I's a massive fan of slow cookers for a number of reasons; they are super quick and easy to prepare and 'set and forget' when you have a busy day ahead, the flavour-bomb in your meals is insane, your body more easily digests slow cooked meats over pan/oven roasted meats, and it fills your home with the most delicious smells (hello warm cozy home, heater on and the scent of your dinner cooking away without you having to even touch it).

To be honest I didn't really know how to use mine when I first started cooking with it. I googled a few recipes to get started, but now I have my go-to items always in the fridge and pantry to whack on a meal whenever I foresee a hectic day ahead, or when I feel like a beautiful comforting nourishing meal. 
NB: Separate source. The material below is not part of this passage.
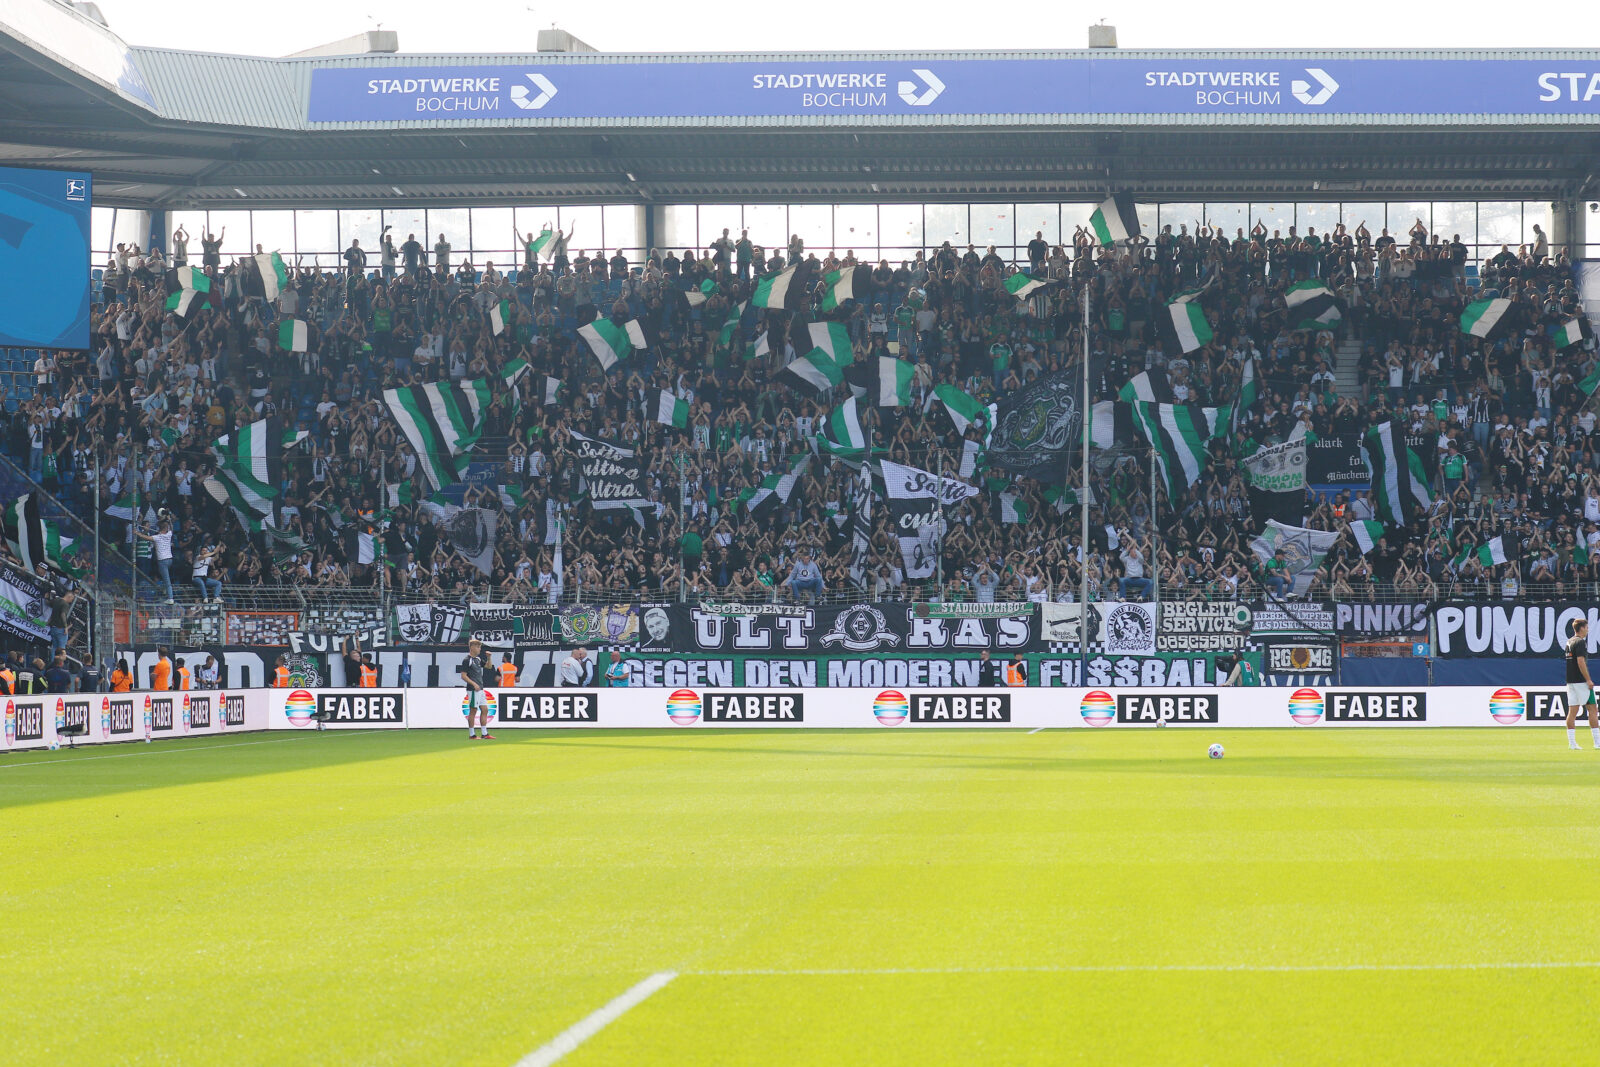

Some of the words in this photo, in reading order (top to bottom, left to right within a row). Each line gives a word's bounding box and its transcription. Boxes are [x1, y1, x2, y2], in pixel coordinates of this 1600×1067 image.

There's a tonne of inspiration out there in cook books (my personal favourite is anything by Pete Evans) if you want to get all fancy pants, but today I want to give you a few tips and tricks to put in your back pocket that won't see you running out to the supermarket to get all the ingredients. 

Here's a really easy guide to follow to have the most delicious meals ready to go at all times (or whip up a batch of something on a Sunday and pop portions in the freezer for ready-made meals).

Stock these essential items in your pantry (I always buy organic to reduce my toxin/chemical exposure):

Coconut oil 

Cans diced tomatoes 

Cans coconut milk/cream 

Vegetable stock/bone broth 

Tomato paste (handy but not essential)



Herbs: salt, pepper, turmeric, ginger/garlic (fresh if you can), cumin, coriander, garam masala, chilli etc. 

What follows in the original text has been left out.